Popularly referred to as "Regulation A+," amended Regulation A now offers issuers and selling shareholders two options for relying on the exemption from registration – Tier 1 for offerings that do not exceed $20 million in a 12-month period and Tier 2 for offerings that do not exceed $50 million in a 12-month period. Previously, Regulation A was available only to offerings that did not exceed $5 million in a 12-month period, and offerings remained subject to state "blue sky" registration requirements. The new two-tier offering regime carries over some characteristics of existing Regulation A, such as the required filing of an offering statement and the ability to "test-the-waters." It adds new benefits, such as exemption from state "blue sky" registration requirements for Tier 2 offerings, and relaxes Exchange Act registration requirements; but it also adds new requirements, such as, for Tier 2 issuers, a uniform requirement to include audited financial statements and to file on-going periodic reports with the SEC.
Just as was the case under old Regulation A, purchasers in a Regulation A+ offering receive unrestricted shares that are freely tradable by non-affiliates under the securities laws.

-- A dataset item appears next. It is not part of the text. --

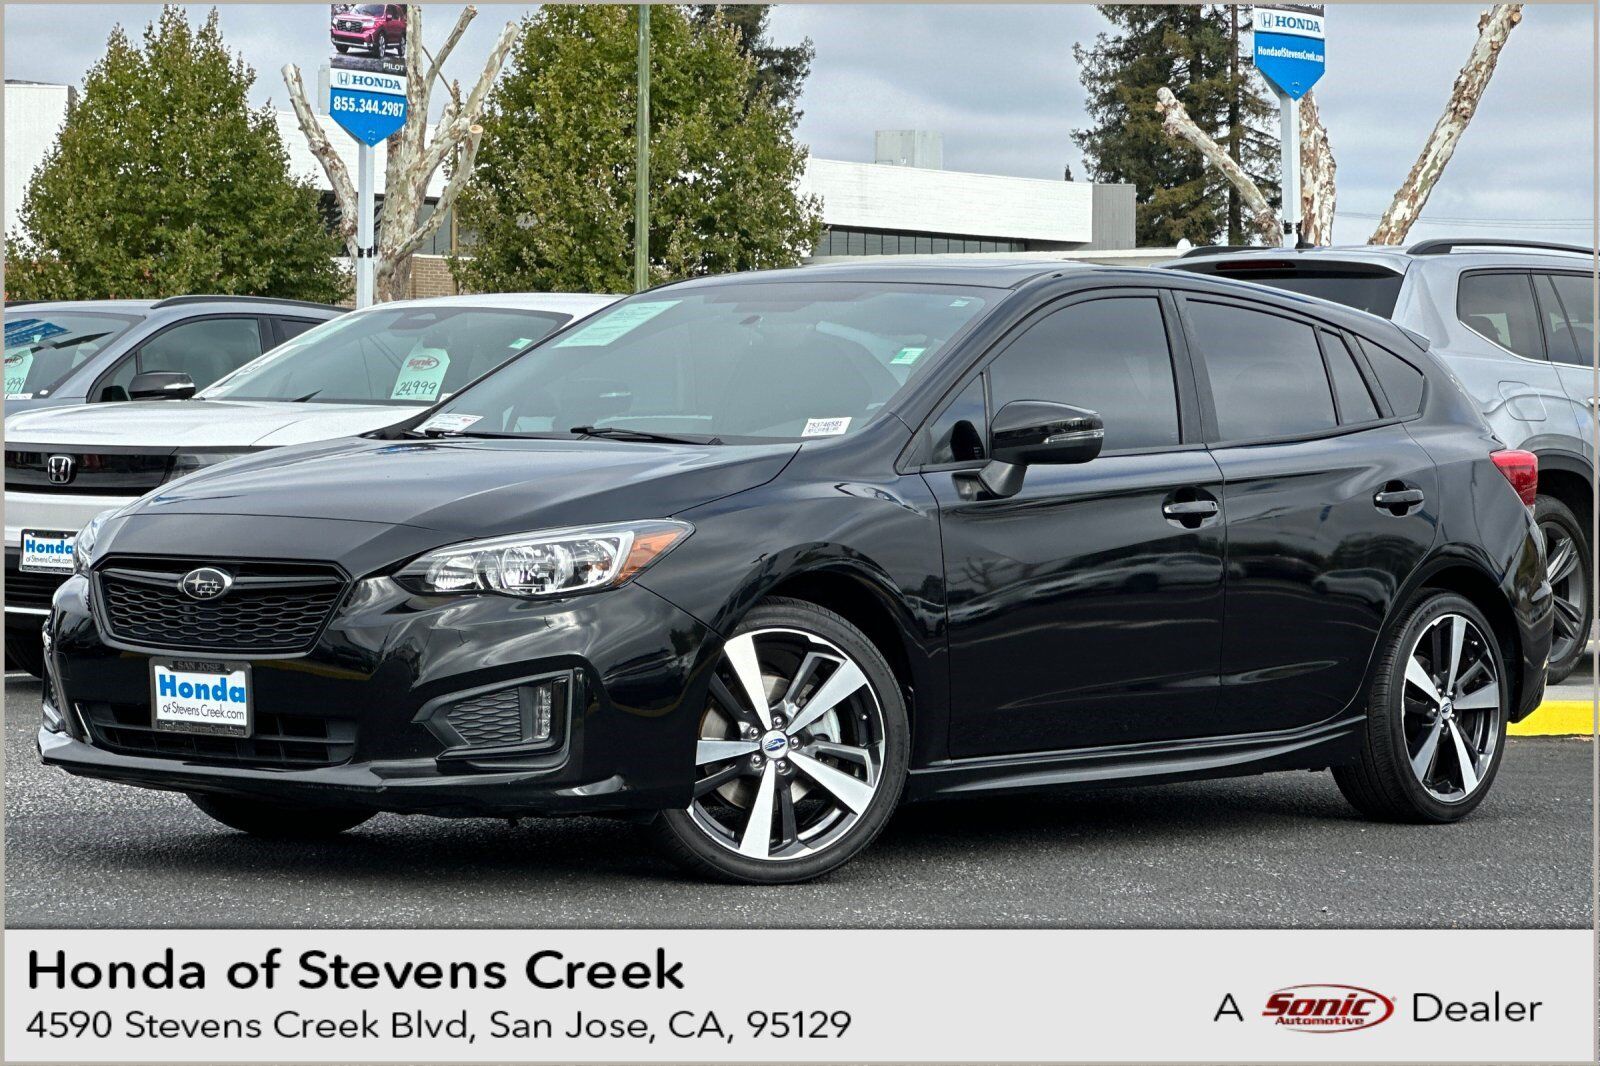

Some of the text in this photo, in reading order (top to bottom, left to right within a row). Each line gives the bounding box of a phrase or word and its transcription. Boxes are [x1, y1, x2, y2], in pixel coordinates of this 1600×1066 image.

The absence of resale restrictions makes Regulation A more appealing than other private placement exemptions, and it is possible that it will become a popular tool for some issuers now that the maximum dollar amounts have been raised from the old $5 million threshold. However, we expect that many issuers will continue to choose the path of a traditional registered public offering, rather than a Regulation A+ offering, because a Tier 2 offering still requires the preparation and review of an offering circular and ongoing periodic reporting, albeit in a more truncated form. We expect that other issuers wishing to avoid registration will continue to rely on Rule 506 under Regulation D, which offers many of the same benefits as amended Regulation A without many of the burdens (see the table at the end of this alert for a comparison). Nonetheless, we recommend that private issuers examine new Regulation A carefully before deciding on any course of financing.

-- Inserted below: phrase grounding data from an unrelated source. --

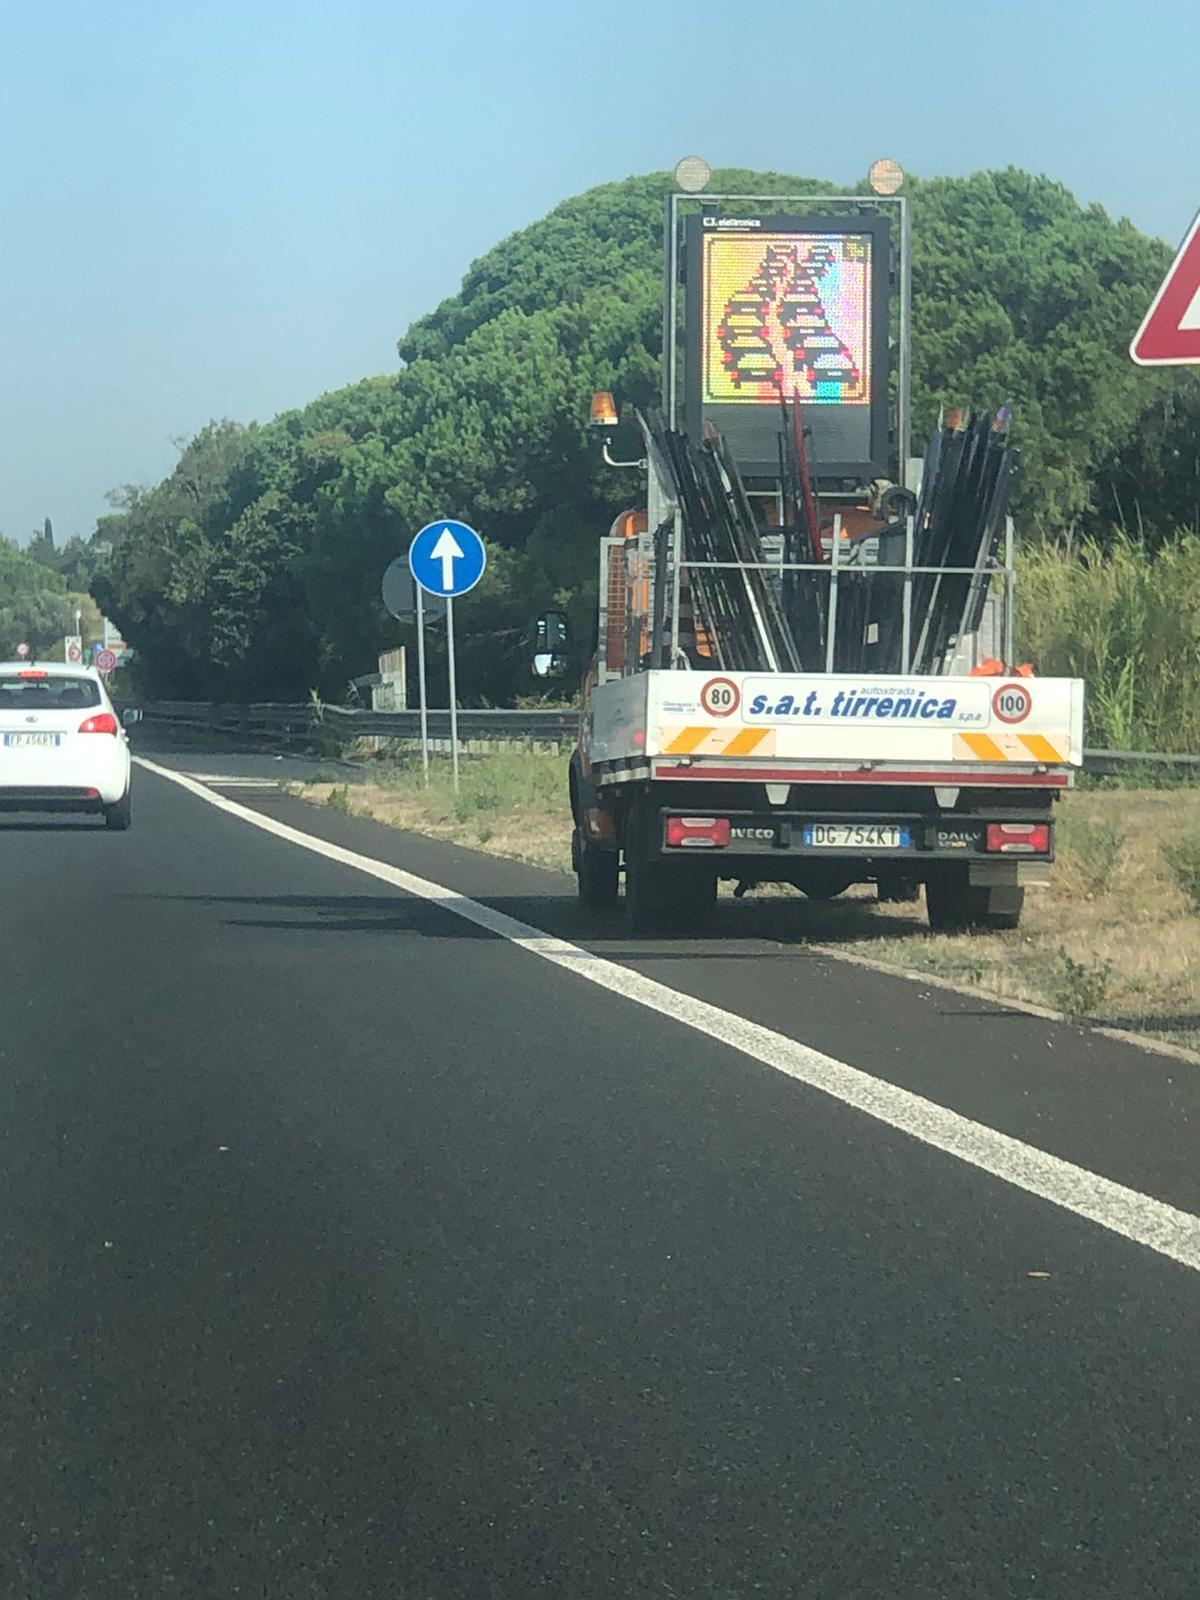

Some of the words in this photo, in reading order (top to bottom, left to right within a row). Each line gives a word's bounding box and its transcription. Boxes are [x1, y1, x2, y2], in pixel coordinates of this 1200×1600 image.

[711, 688, 731, 705] 80
[860, 687, 916, 696] autostrada
[749, 691, 823, 716] s.a.t.
[830, 689, 957, 719] tirrenica
[998, 695, 1025, 713] 100
[731, 828, 775, 839] IVECO
[815, 825, 837, 844] DG
[844, 826, 898, 845] 754KT

The amendments will become effective 60 days from their publication in the Federal Register.
Scope of Exemption
For Tier 1 offerings, there is a limit of $20 million, including no more than $6 million by a selling shareholder, during a 12-month period. For Tier 2 offerings, there is a limit of $50 million, including no more than $15 million by a selling shareholder, during a 12-month period. For both Tier 1 and Tier 2 offerings, sales by a selling shareholder in an issuer's initial Regulation A offering (and any subsequent Regulation A offerings in the next 12 months) are limited to 30% of the aggregate offering price.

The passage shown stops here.